* _Goal of the exercise_:
Write all entries out exactly, images excluded.

* _Data for this task_:
########################################
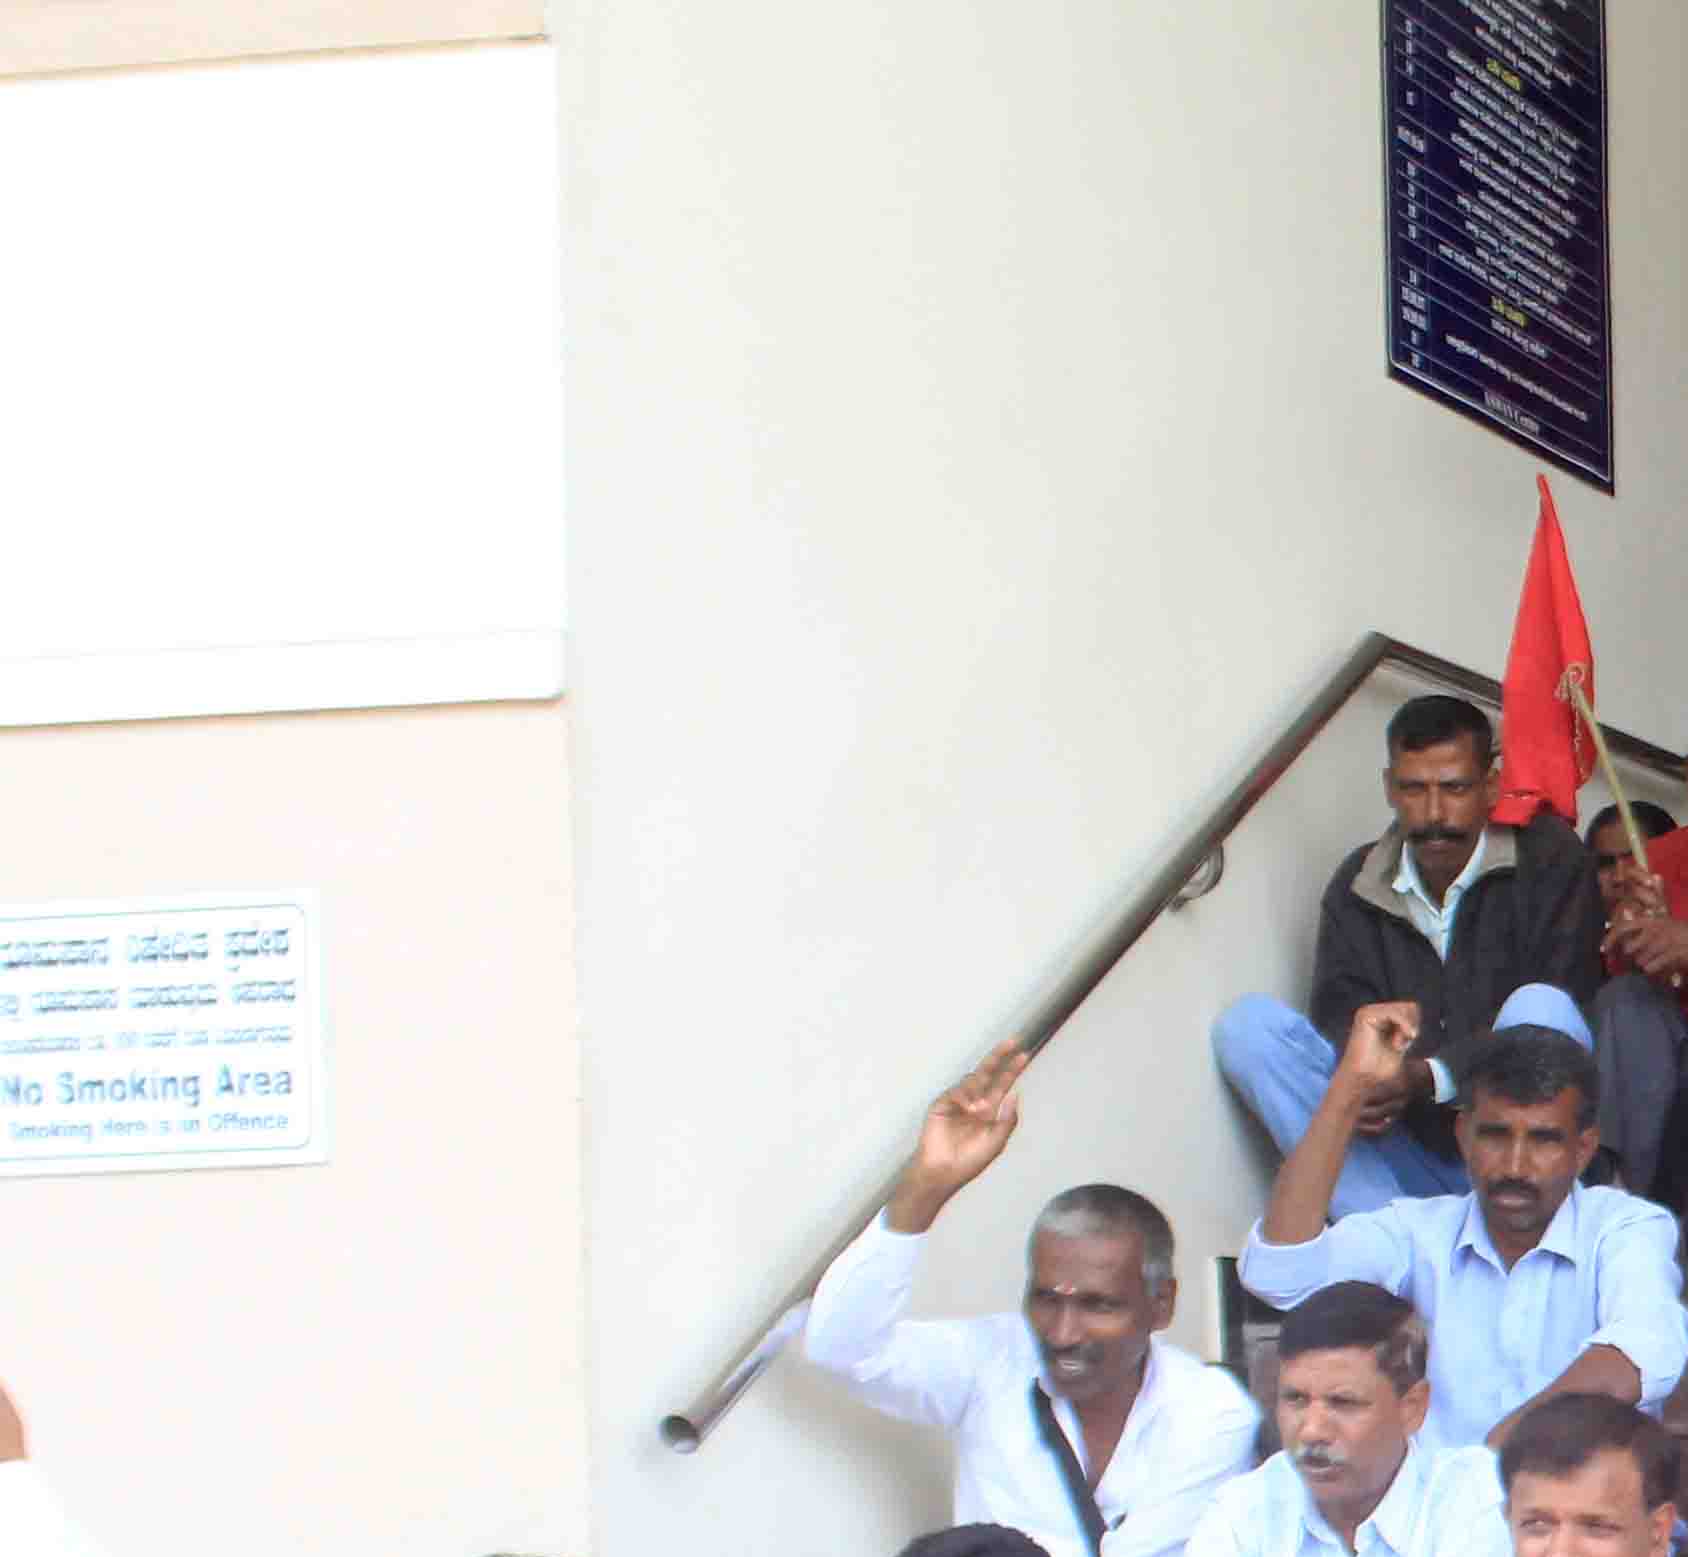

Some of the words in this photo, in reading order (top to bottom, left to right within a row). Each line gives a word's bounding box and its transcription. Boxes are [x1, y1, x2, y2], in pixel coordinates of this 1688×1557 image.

[0, 1072, 44, 1106] No
[56, 1067, 201, 1109] Smoking
[215, 1064, 293, 1096] Area
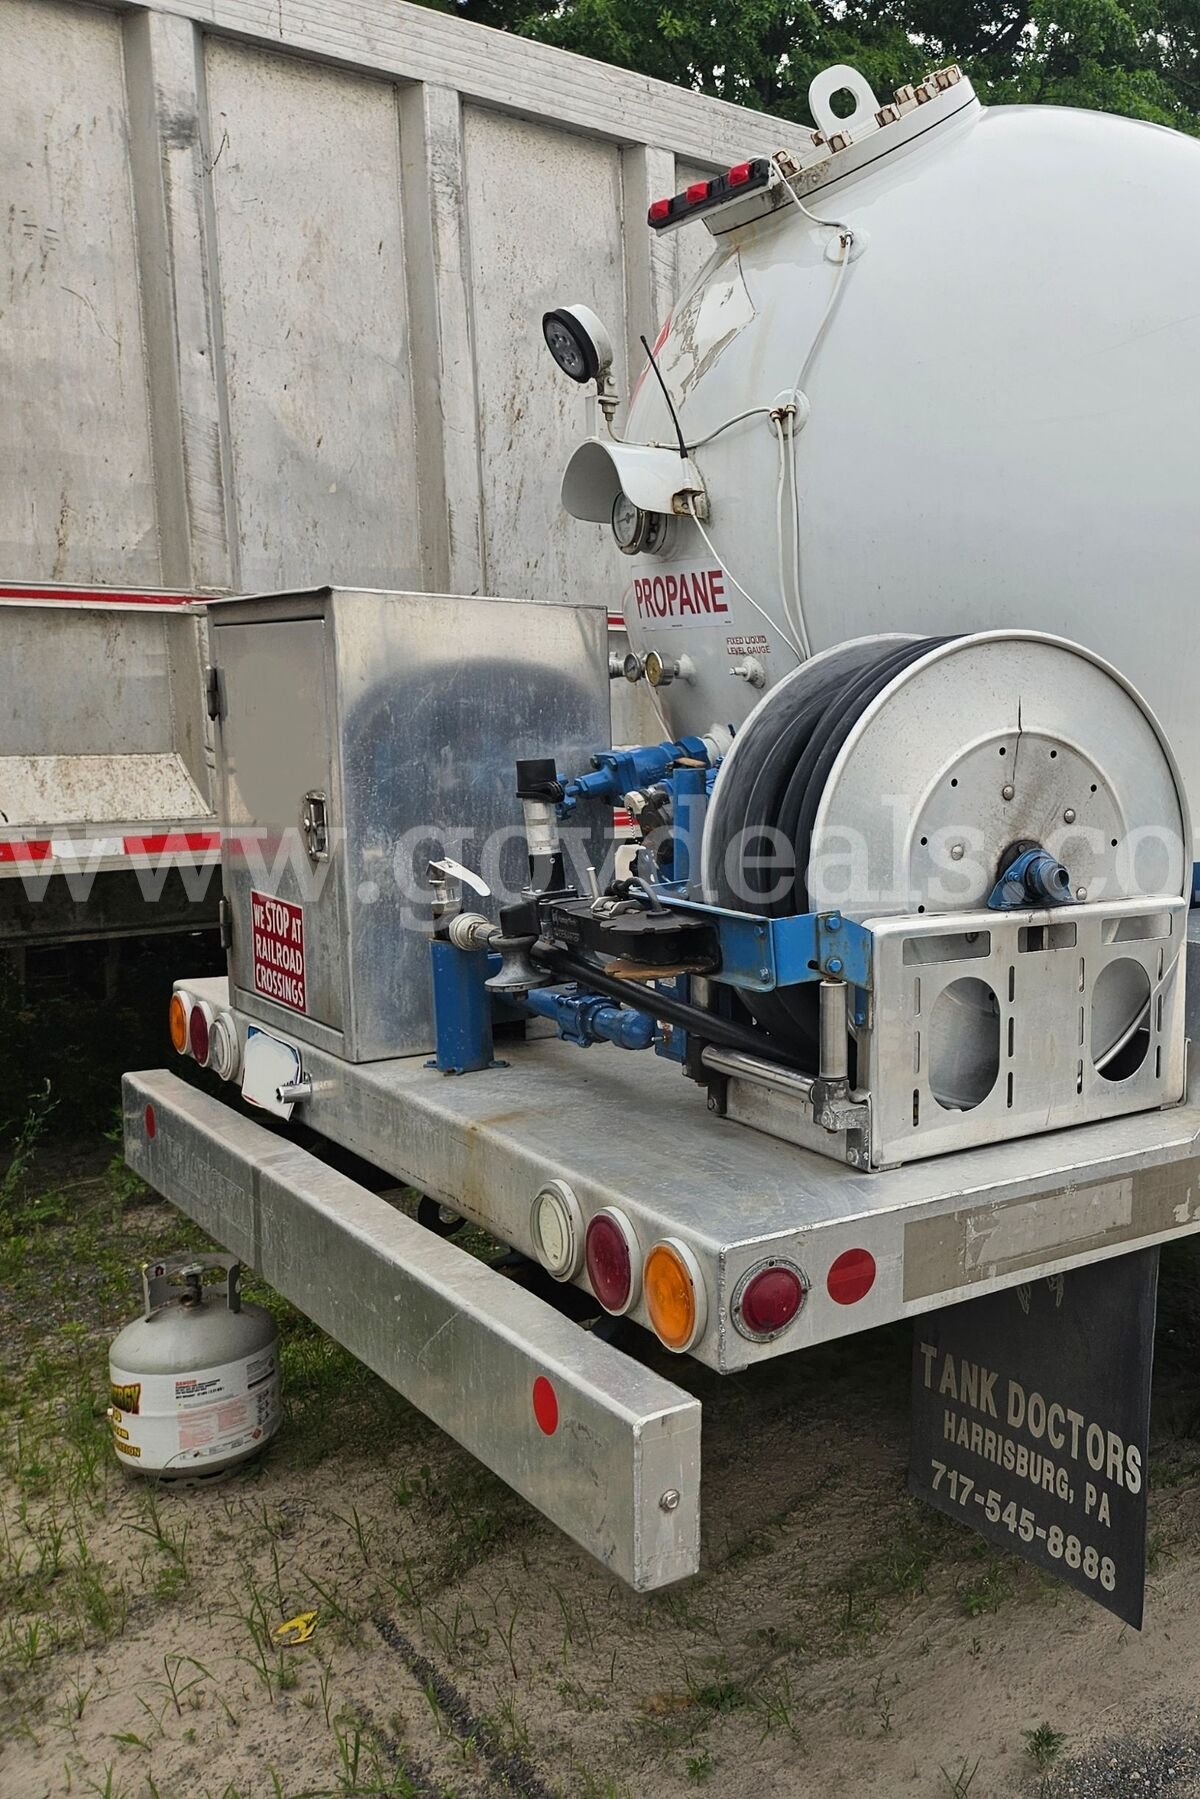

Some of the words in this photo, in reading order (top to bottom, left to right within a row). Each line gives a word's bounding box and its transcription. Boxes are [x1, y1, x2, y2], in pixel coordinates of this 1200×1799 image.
########################################
* _Answer to this exercise_:
Some of the words in this photo, in reading order (top to bottom, left to right within a row). Each line gives a word's bounding box and its transcription. Boxes are [x1, y1, x2, y2], in pixel coordinates of this 1688×1557 image.

[0, 1072, 44, 1106] No
[56, 1067, 201, 1109] Smoking
[215, 1064, 293, 1096] Area

Some of the words in this photo, in reading order (top to bottom, left to right within a row). Each line gives a word's bounding box and its transcription. Boxes are [x1, y1, x2, y2], in pixel coordinates of this 1200×1799 image.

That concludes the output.